● **TASK DETAILS**
Only the pictures should be left out; repeat the rest of the data exactly.

Text-to-region grounding data
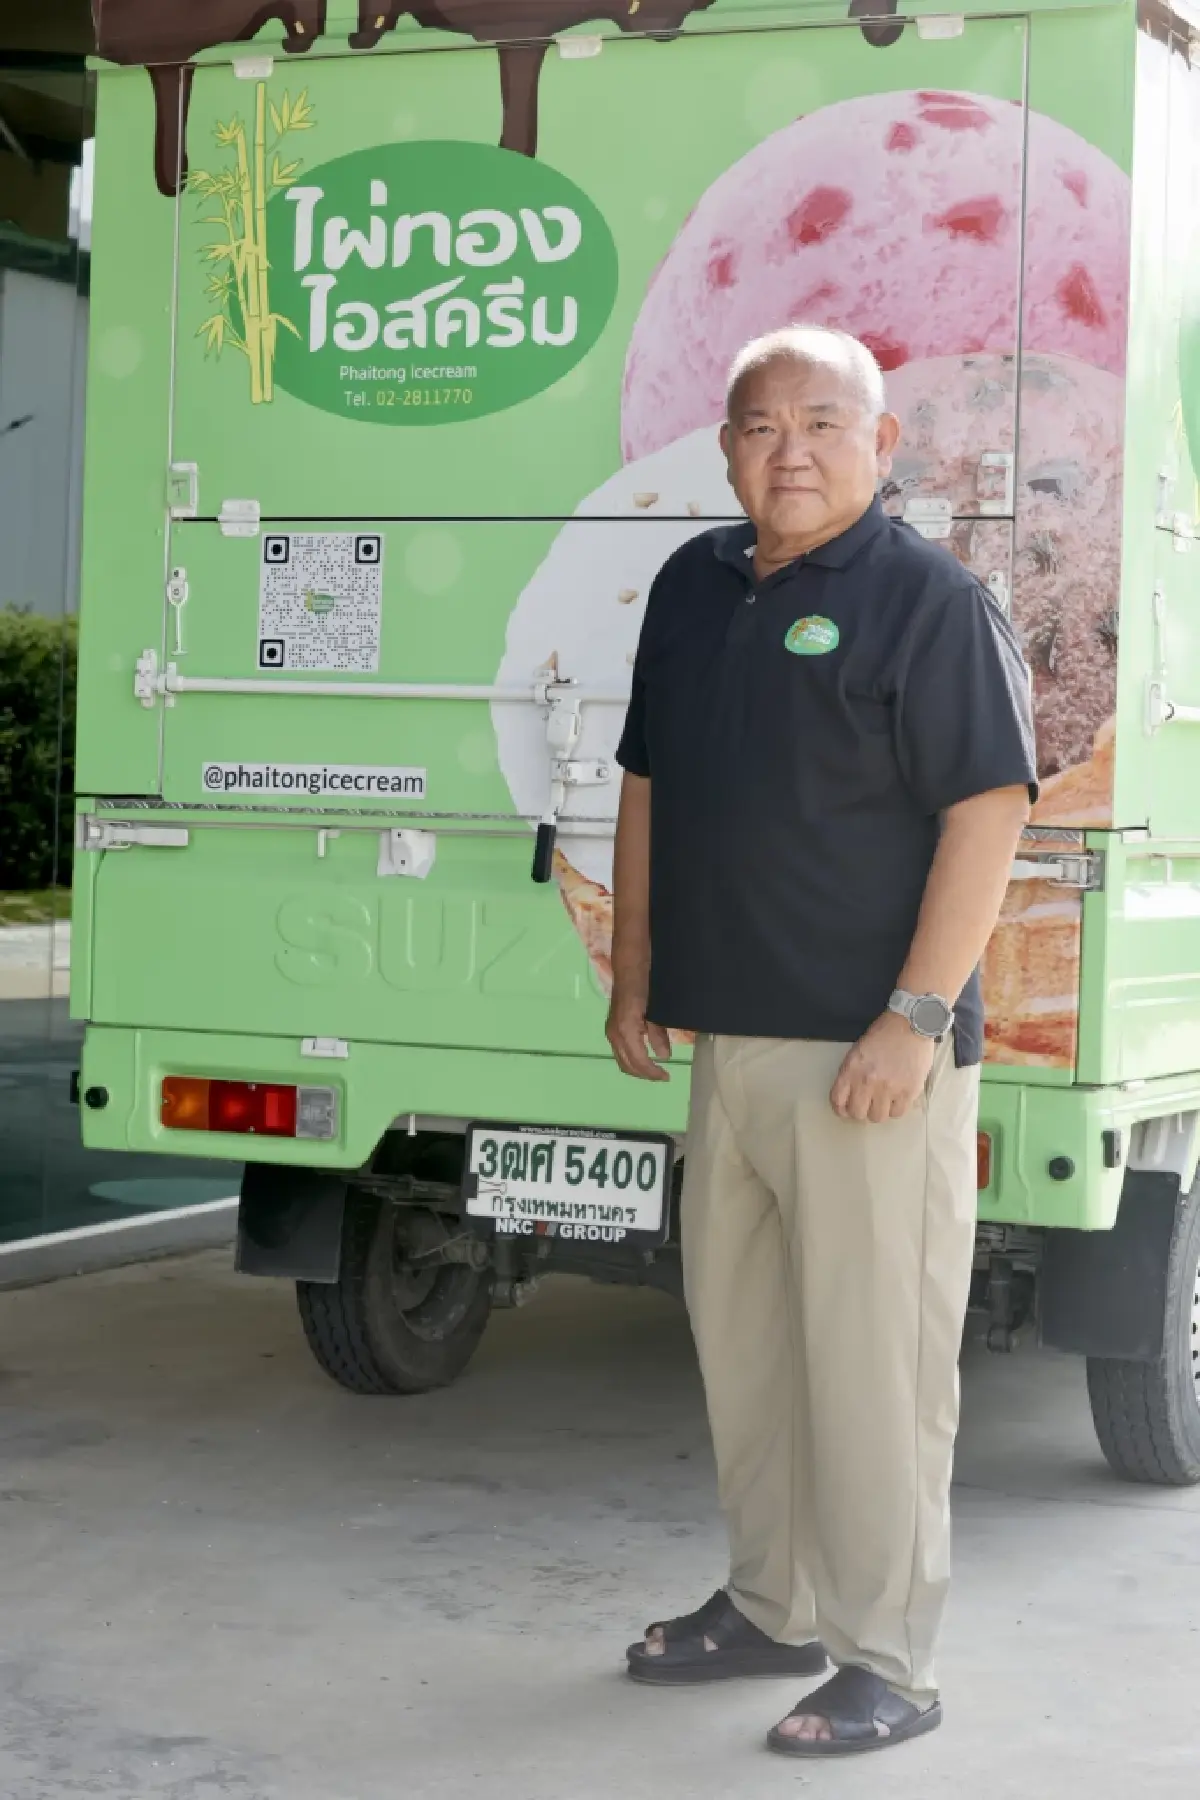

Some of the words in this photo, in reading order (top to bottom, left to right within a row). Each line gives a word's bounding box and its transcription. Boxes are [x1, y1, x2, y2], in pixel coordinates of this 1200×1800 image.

[285, 179, 582, 272] ไผ่ทอง
[300, 274, 578, 352] ไอสครีม
[339, 365, 406, 384] Phaitong
[344, 390, 371, 406] Tel.
[376, 388, 473, 406] 02-2811770
[204, 765, 423, 794] @phaitongicecream
[564, 1144, 657, 1192] 5400
[492, 1195, 638, 1224] กรุงเทพมหานคร
[495, 1218, 534, 1235] NKC
[559, 1224, 627, 1243] GROUP
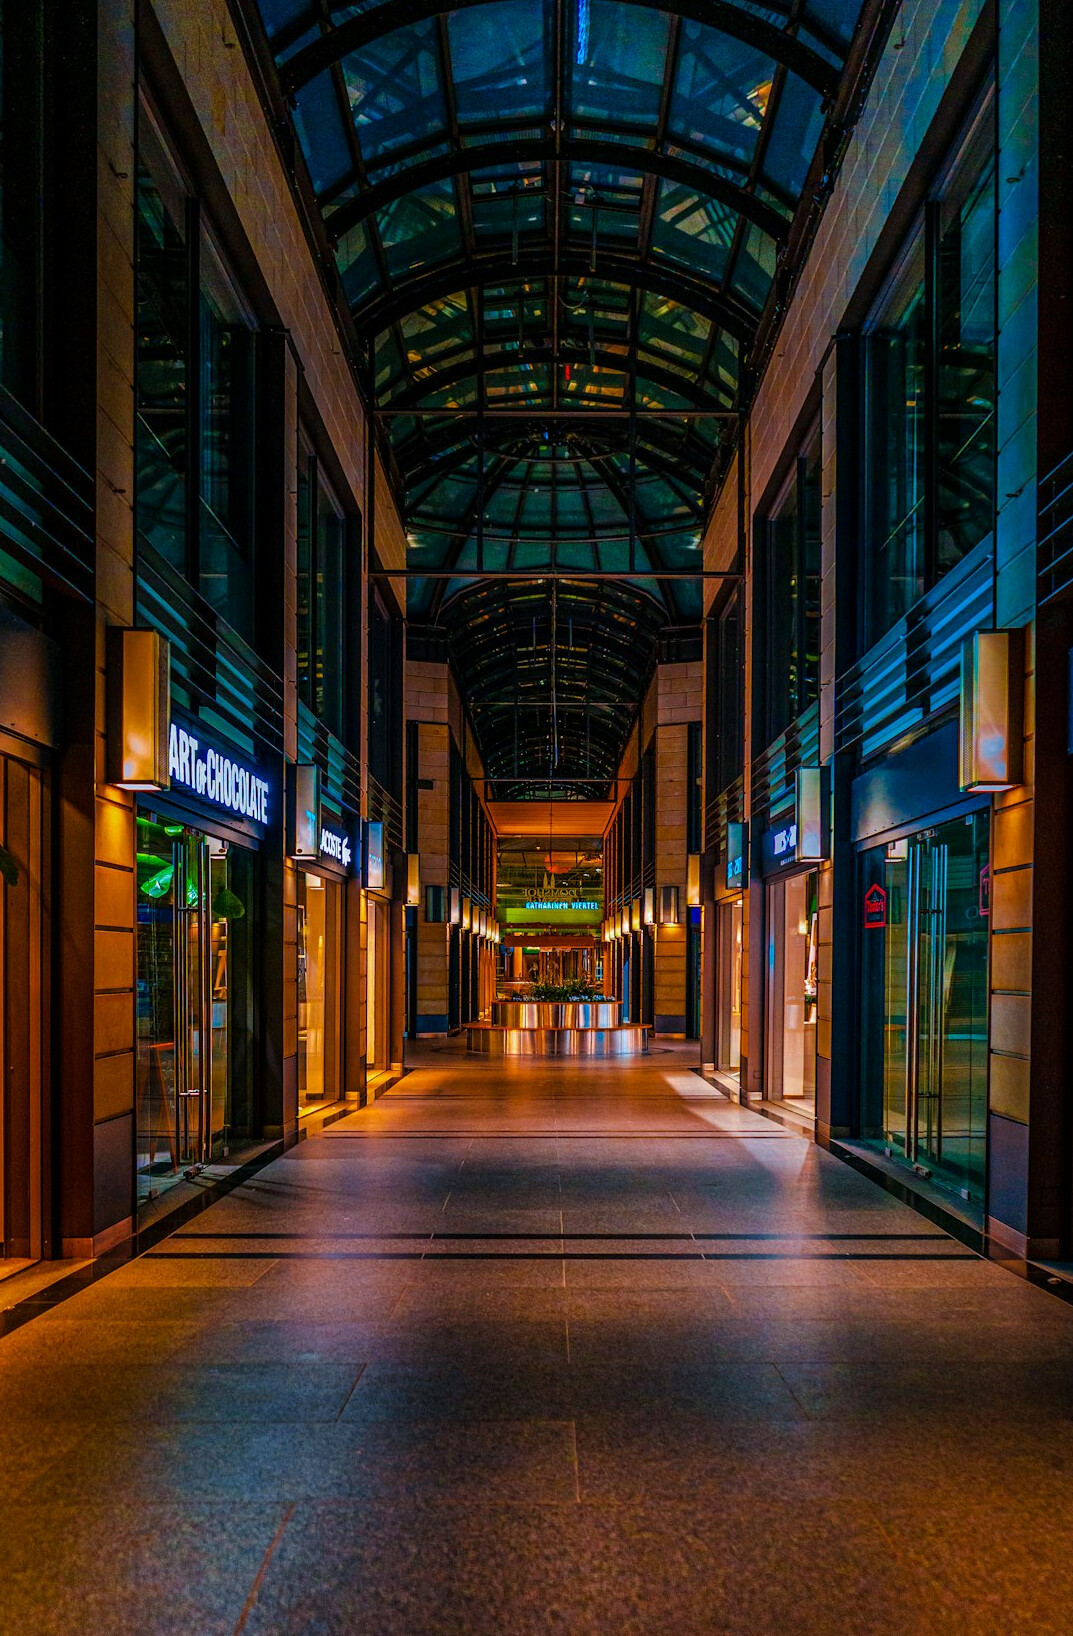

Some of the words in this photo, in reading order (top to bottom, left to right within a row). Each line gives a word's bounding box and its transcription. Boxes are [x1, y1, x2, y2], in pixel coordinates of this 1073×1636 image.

● **RESPONSE TO THIS TASK**
Some of the words in this photo, in reading order (top to bottom, left to right within a row). Each line gives a word's bounding box and its transcription. Boxes are [x1, y1, x2, y2], in pixel coordinates of this 1200×1800 image.

[285, 179, 582, 272] ไผ่ทอง
[300, 274, 578, 352] ไอสครีม
[339, 365, 406, 384] Phaitong
[344, 390, 371, 406] Tel.
[376, 388, 473, 406] 02-2811770
[204, 765, 423, 794] @phaitongicecream
[564, 1144, 657, 1192] 5400
[492, 1195, 638, 1224] กรุงเทพมหานคร
[495, 1218, 534, 1235] NKC
[559, 1224, 627, 1243] GROUP

Some of the words in this photo, in reading order (top to bottom, left to right within a row). Each line gives a word's bounding box and its transcription. Boxes are [x1, y1, x2, y2], in pixel coordinates of this 1073×1636 image.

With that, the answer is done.